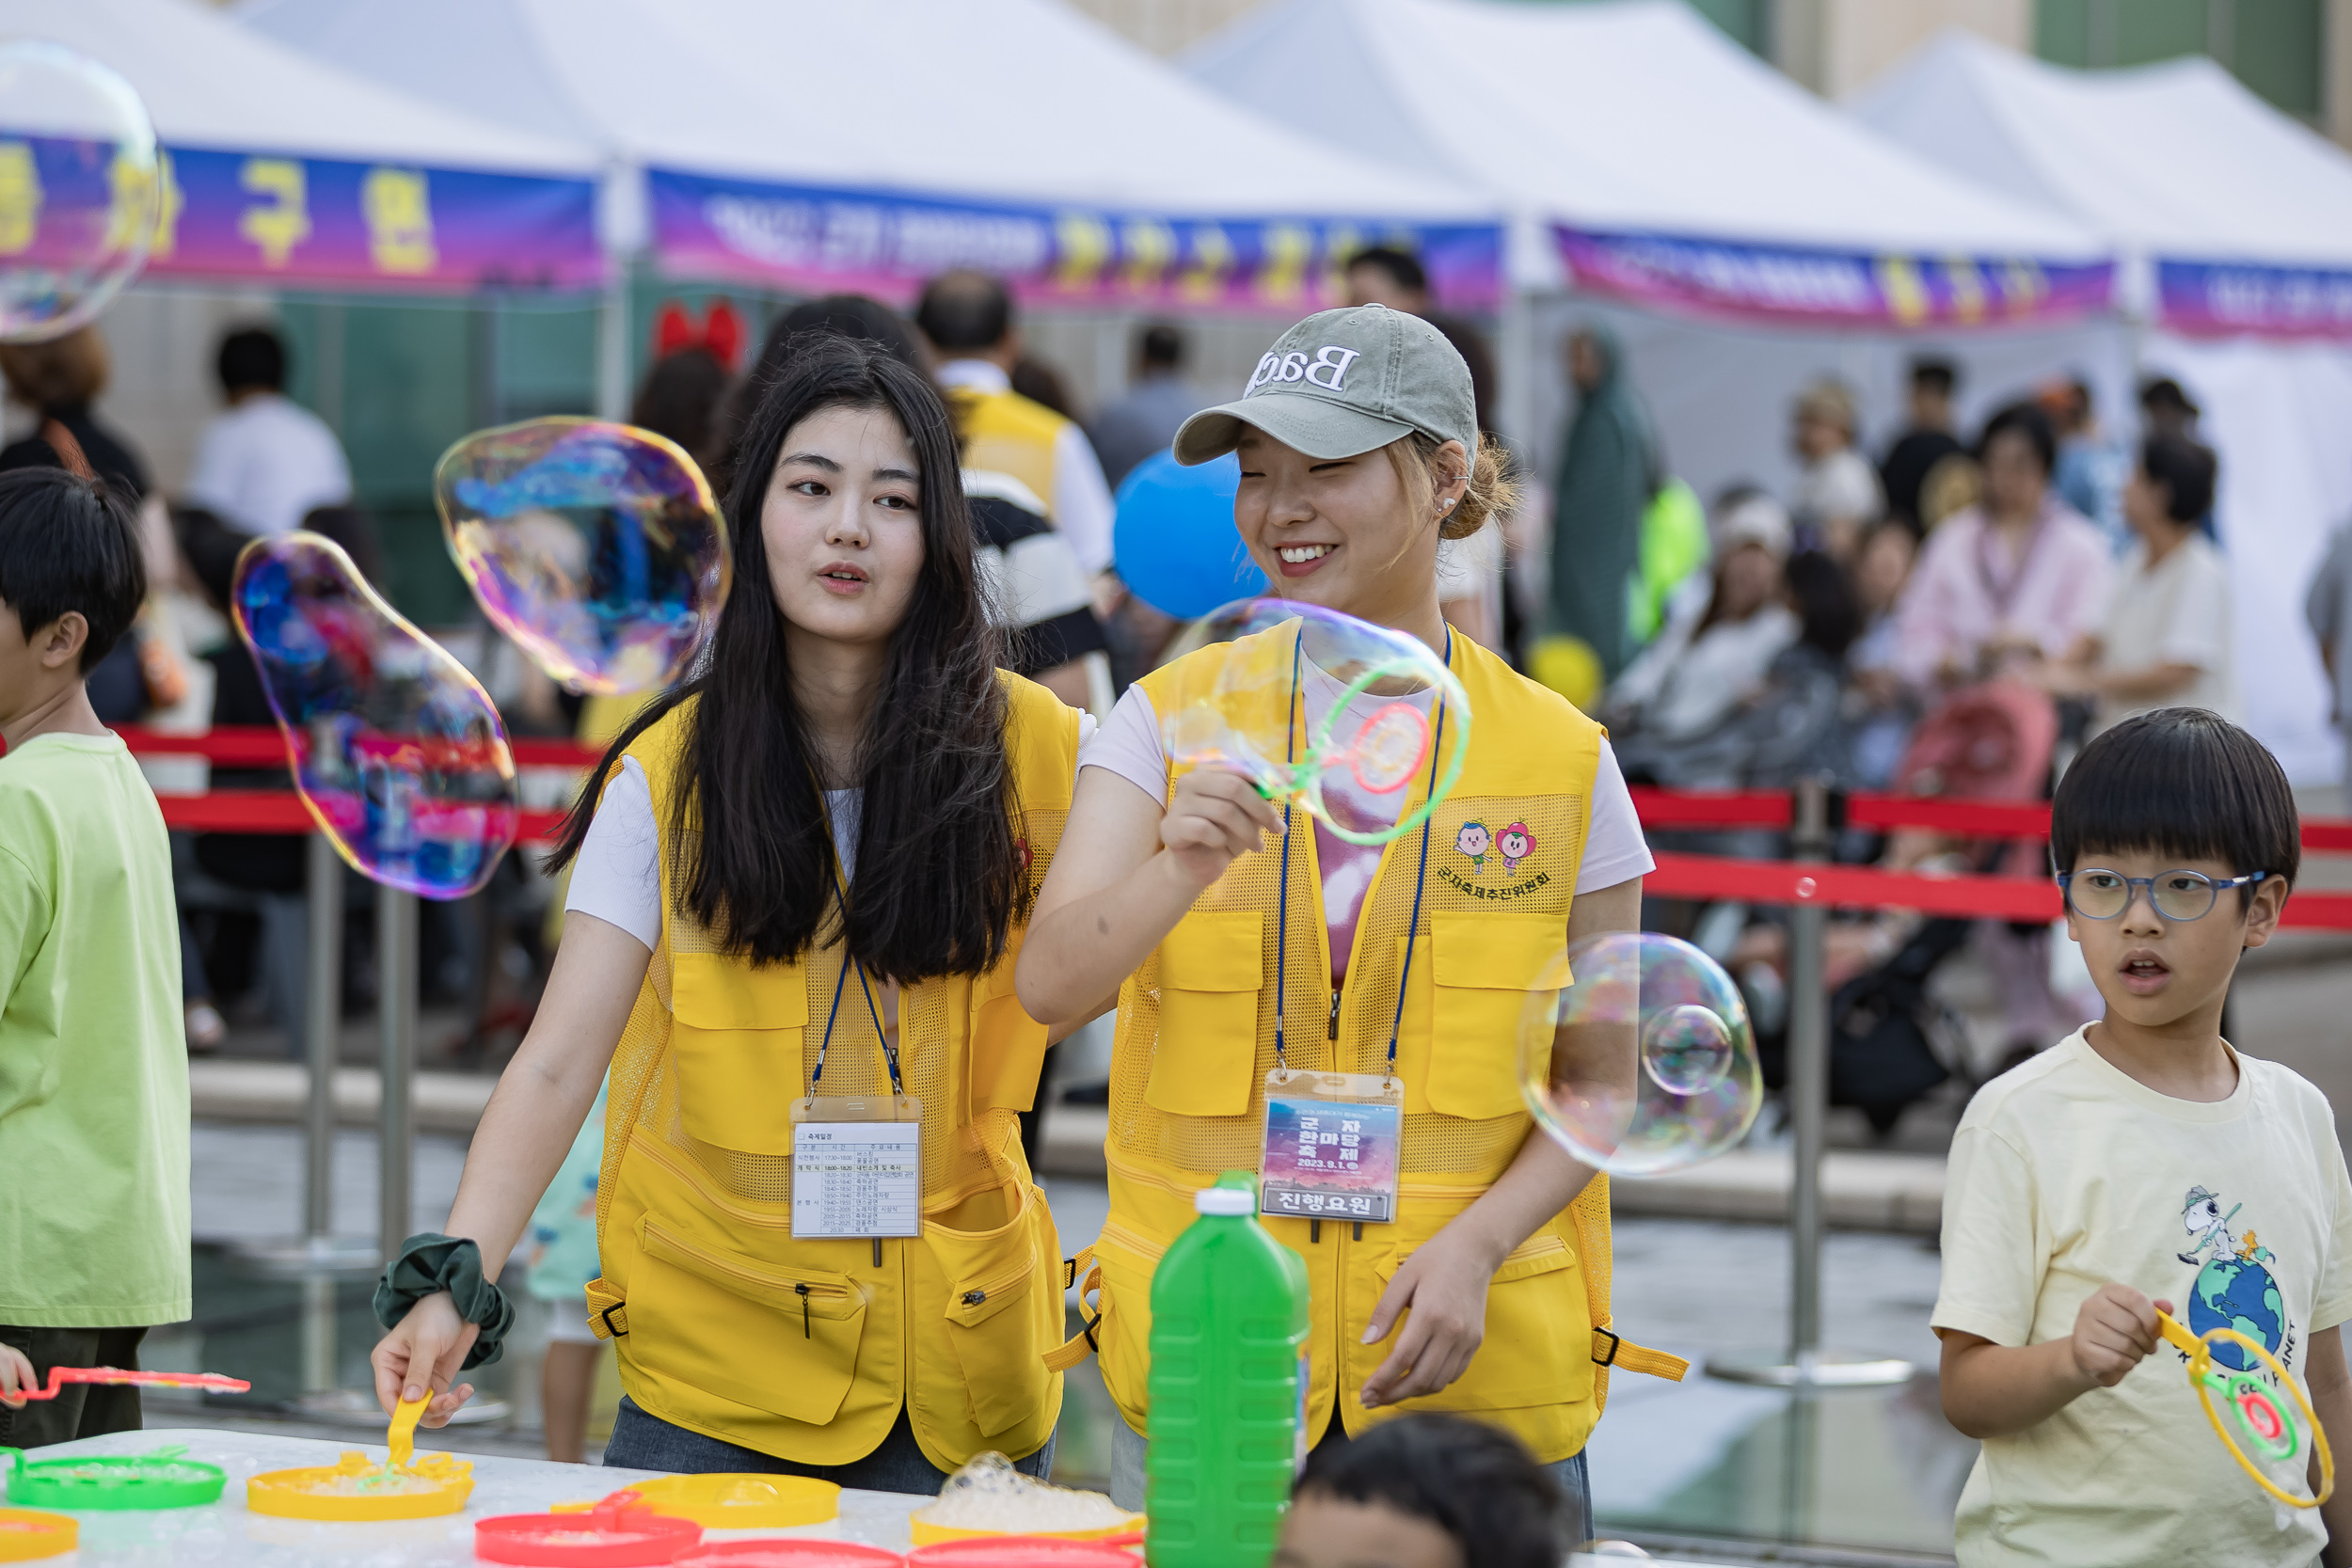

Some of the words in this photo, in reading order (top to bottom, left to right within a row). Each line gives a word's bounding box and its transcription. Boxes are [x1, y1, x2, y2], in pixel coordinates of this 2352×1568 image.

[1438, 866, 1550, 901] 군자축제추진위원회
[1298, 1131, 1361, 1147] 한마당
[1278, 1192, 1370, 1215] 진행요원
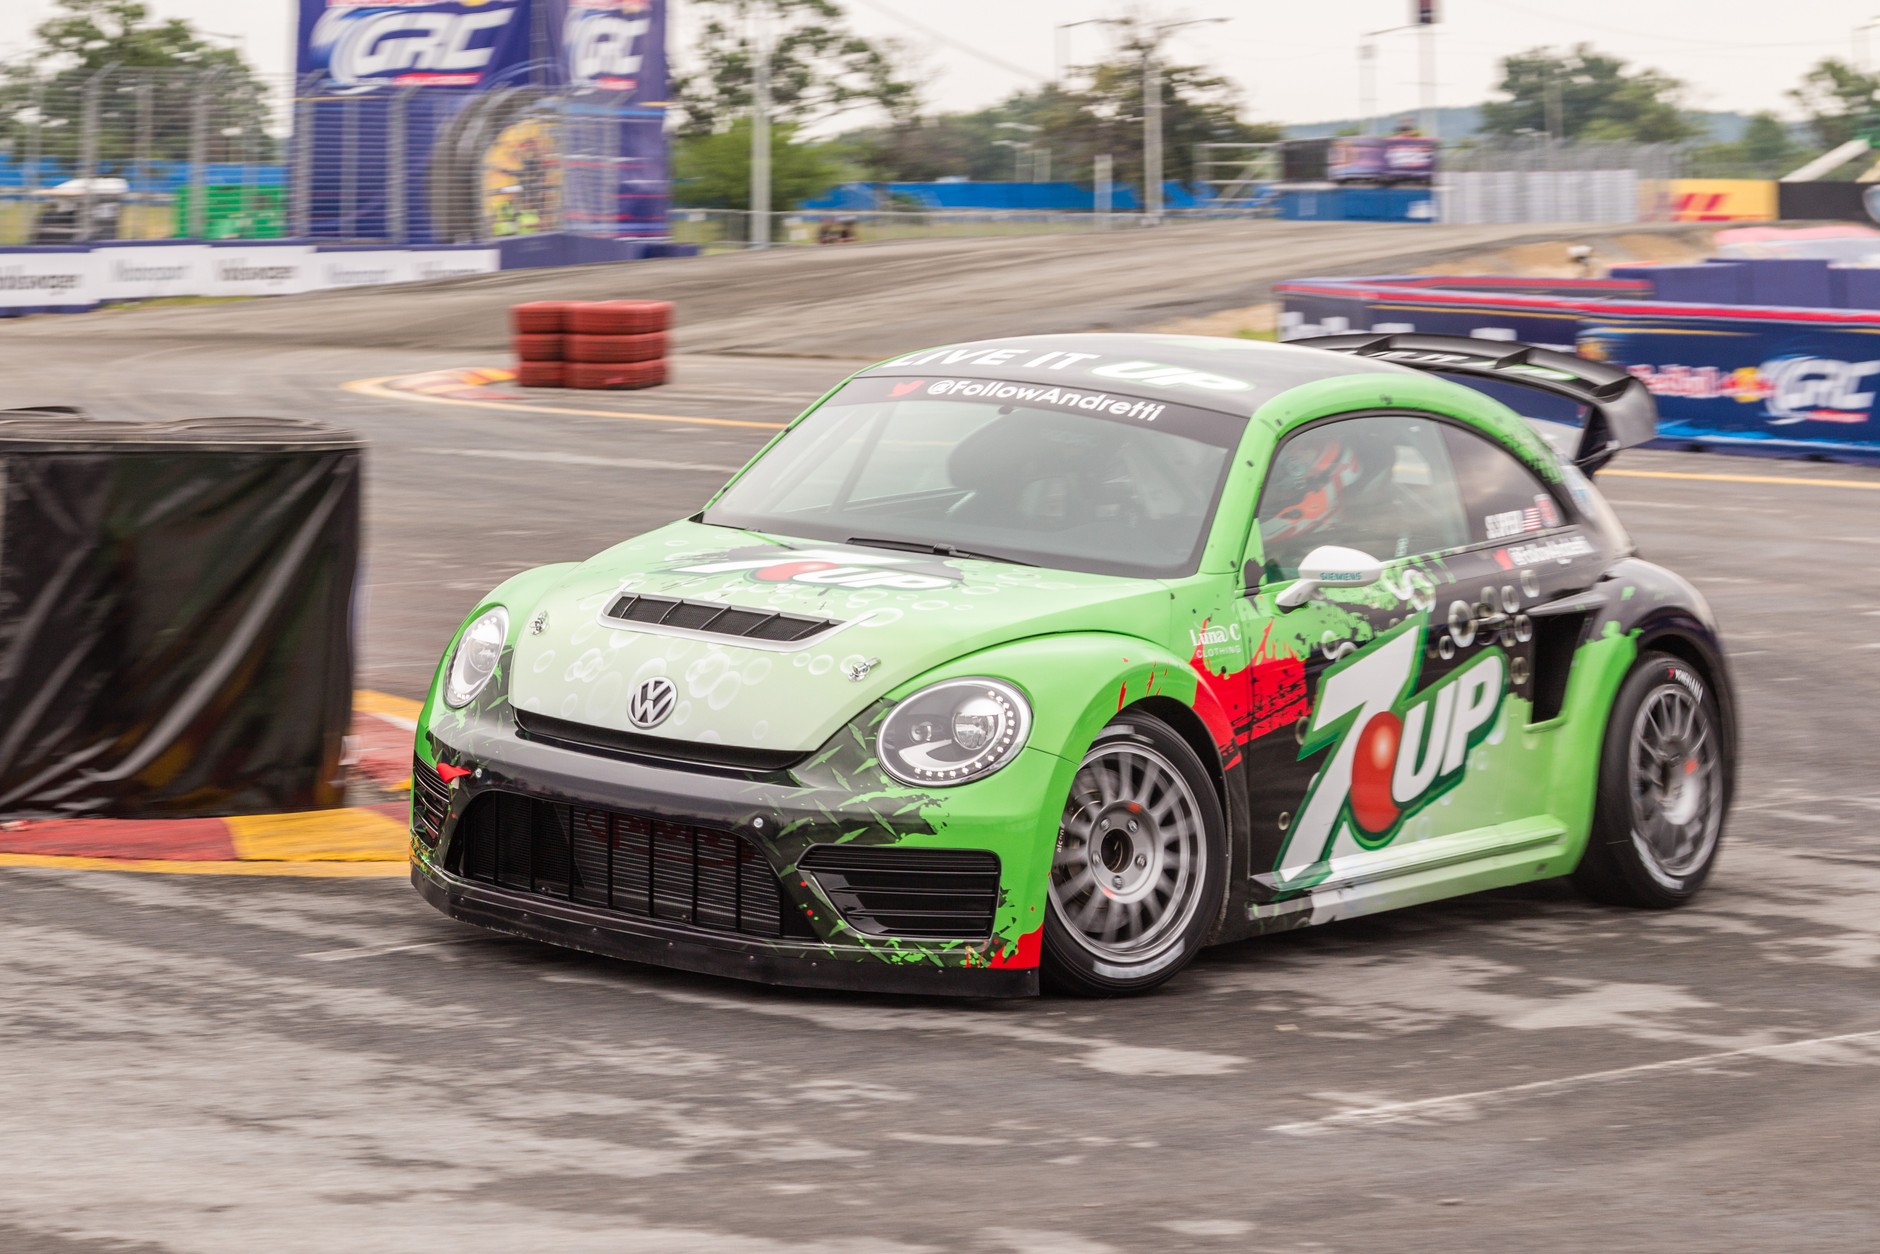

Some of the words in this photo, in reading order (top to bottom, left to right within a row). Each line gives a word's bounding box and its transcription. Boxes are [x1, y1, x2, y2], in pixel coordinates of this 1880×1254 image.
================
■ TASK GOAL
Retype the records in full. Do not carry over the images.

■ OUTPUT OF THE TASK
Some of the words in this photo, in reading order (top to bottom, left to right within a row). Each line gives a word's bounding box and its transcription. Boxes are [x1, y1, x2, y2], in pixel coordinates of this 2352×1568 image.

[1438, 866, 1550, 901] 군자축제추진위원회
[1298, 1131, 1361, 1147] 한마당
[1278, 1192, 1370, 1215] 진행요원

Some of the words in this photo, in reading order (top to bottom, left to right within a row). Each line gives a word's bounding box and its transcription. Boxes are [x1, y1, x2, y2], in pixel coordinates of this 1880×1254 image.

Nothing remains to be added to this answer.